### DATA IN THIS EXERCISE:
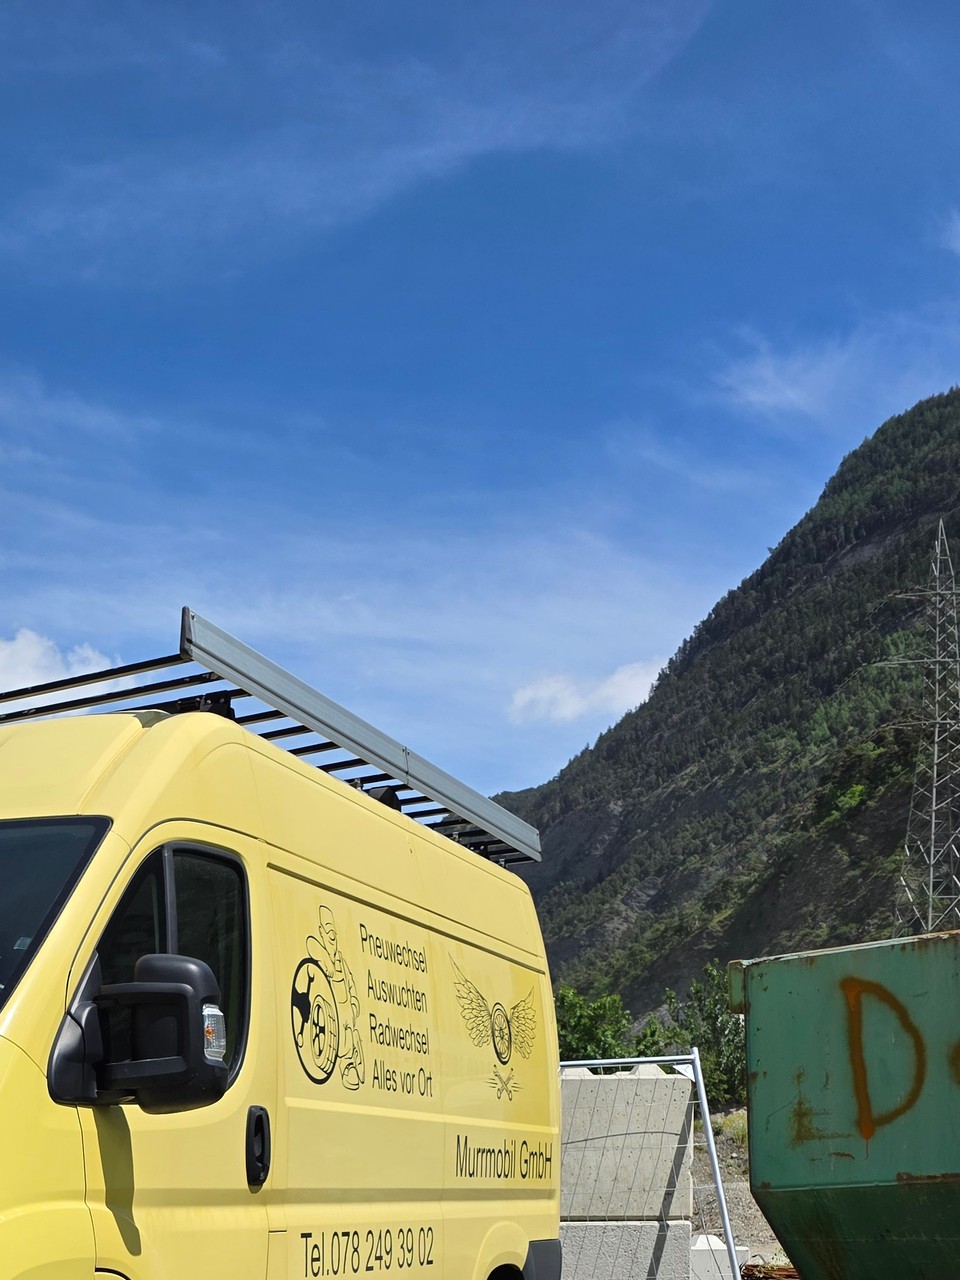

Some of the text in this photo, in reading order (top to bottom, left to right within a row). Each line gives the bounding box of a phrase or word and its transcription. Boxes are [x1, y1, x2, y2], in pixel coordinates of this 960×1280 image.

[359, 923, 428, 973] Pneuwechsel
[367, 969, 428, 1013] Auswuchten
[369, 1012, 429, 1056] Radwechsel
[372, 1059, 398, 1092] Alles
[400, 1073, 416, 1095] vor
[418, 1067, 433, 1098] Ort
[455, 1134, 553, 1180] Murrmobil GmbH
[365, 1228, 393, 1272] 249
[397, 1228, 414, 1269] 39
[418, 1226, 434, 1267] 02

### PROBLEM DESCRIPTION:
The result should be the listing above, restated exactly, with no pictures in it.

### OUTPUT FOR THIS TASK:
Some of the text in this photo, in reading order (top to bottom, left to right within a row). Each line gives the bounding box of a phrase or word and its transcription. Boxes are [x1, y1, x2, y2], in pixel coordinates of this 960×1280 image.

[359, 923, 428, 973] Pneuwechsel
[367, 969, 428, 1013] Auswuchten
[369, 1012, 429, 1056] Radwechsel
[372, 1059, 398, 1092] Alles
[400, 1073, 416, 1095] vor
[418, 1067, 433, 1098] Ort
[455, 1134, 553, 1180] Murrmobil GmbH
[365, 1228, 393, 1272] 249
[397, 1228, 414, 1269] 39
[418, 1226, 434, 1267] 02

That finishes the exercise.